Samuel Eto’o personnifie comme personne d’autre l’esprit inconformiste et combatif du Barça. Après avoir remporté deux Ligas et une Coupe d’ Europe, son ambition reste la même. Le pichichi de la Liga a faim. Le challenge de cette saison est d’être couronné en apothéose en remportant les six trophées en jeu. Le premier titre peut tomber ce soir contre l’Espanyol.
Note: Le Barça a remporté ce dimanche la Supercoupe d’Espagne, son premier titre sur six en jeu en battant l’espanyol par 3 buts à 0.
–Vous avez touché le ciel à Paris, êtes-vous déjà redescendu sur terre?

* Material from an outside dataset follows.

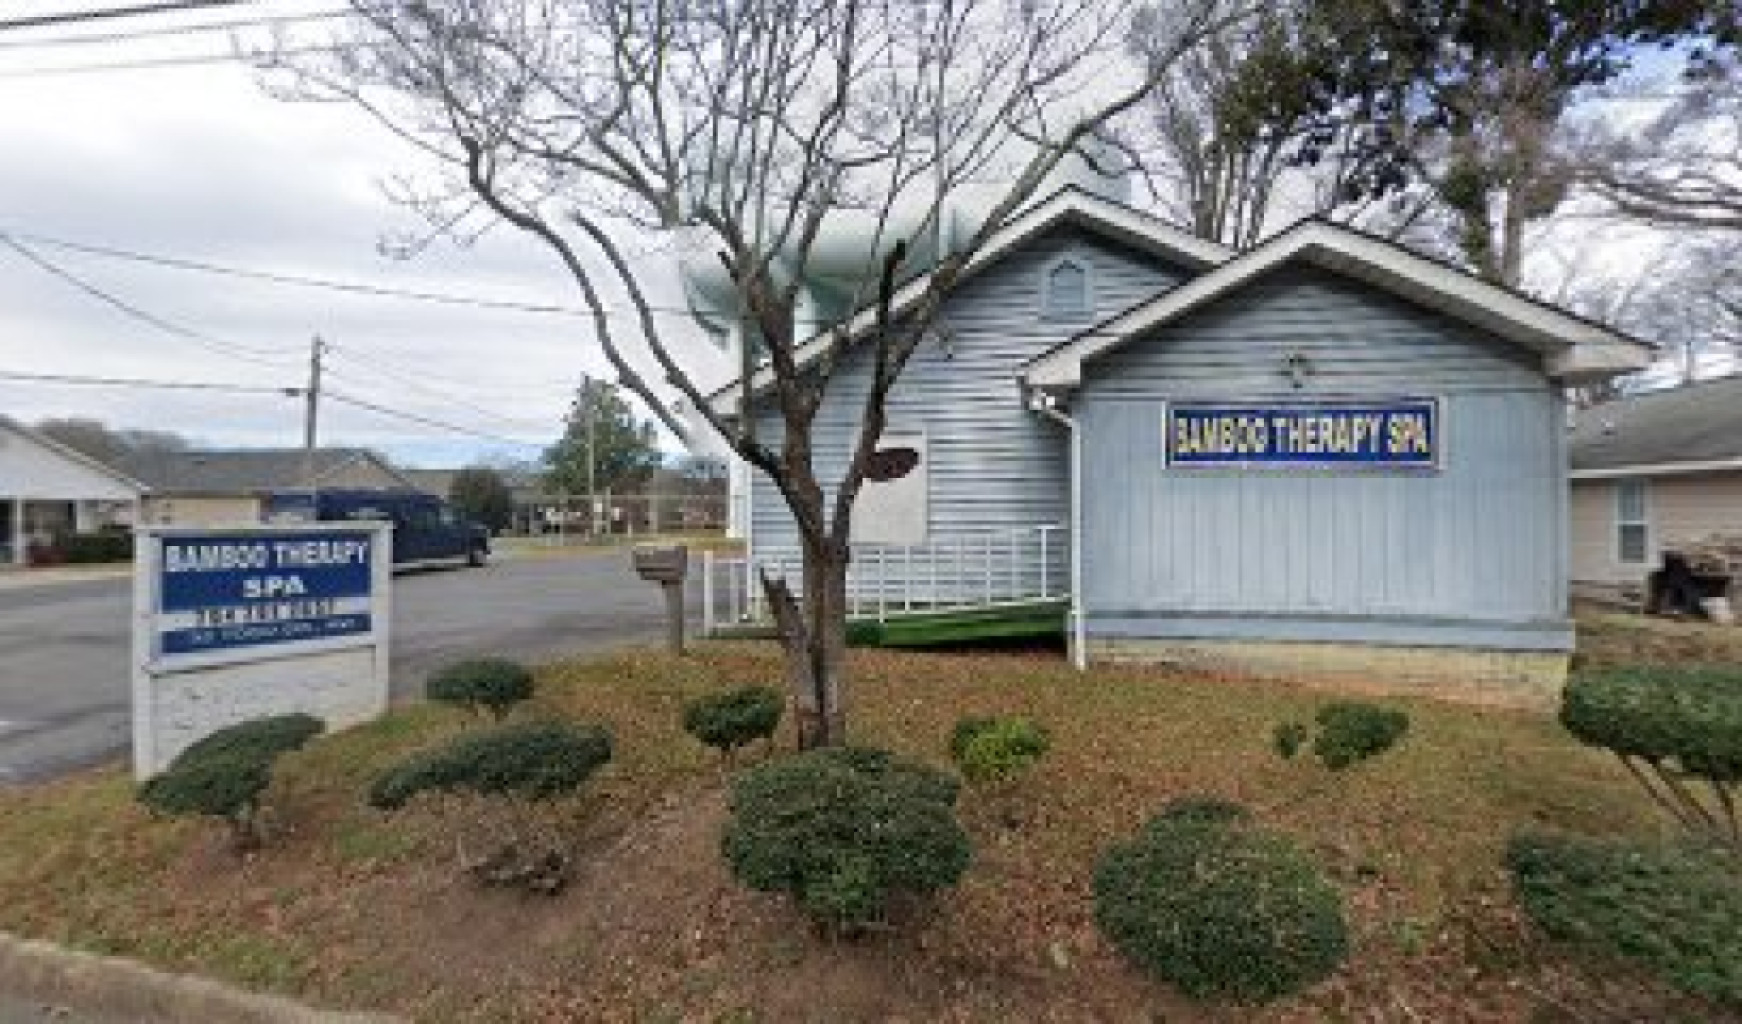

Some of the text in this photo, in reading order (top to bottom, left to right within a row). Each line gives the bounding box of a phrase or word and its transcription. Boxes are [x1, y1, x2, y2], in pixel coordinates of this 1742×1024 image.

[1175, 412, 1428, 453] BAMBOO THERAPY SPA
[165, 539, 369, 573] BAMBOO THERAPY
[242, 574, 306, 598] SPA

— Bien sûr. On ne peut pas toujours vivre là-haut. Nous sommes déjà redescendu du sommet, il faut maintenant recommencer à gagner, recommencer à grimper la montagne. C’est bien de sortir sur les photos et que l’on dise que nous sommes les rois de la fête, mais nos mains sont de nouveau vides. Ce qui compte, c’est ce que l’on fait aujourd’hui. On ne vit jamais du passé.
–Est-il difficile de se remettre mentalement après les vacances?
— Ça dépend de chacun. Comme jouer au football est la chose que j‘aime le plus, et qu’en plus on me paye pour ça et que je suis traité comme un Dieu, ça ne me coûte rien. Cette année ça a été plus difficile, car j’étais aux États-Unis, je suis rentré à Barcelone, puis je suis retourné aux États-Unis. Mais je suis content et j’ai de l’espoir, car cela faisait deux mois que je ne voyais pas mes coéquipiers et nous sommes de nouveau ensemble, et j’en profite de nouveau.
–Le travail de pré saison est-il le plus difficile?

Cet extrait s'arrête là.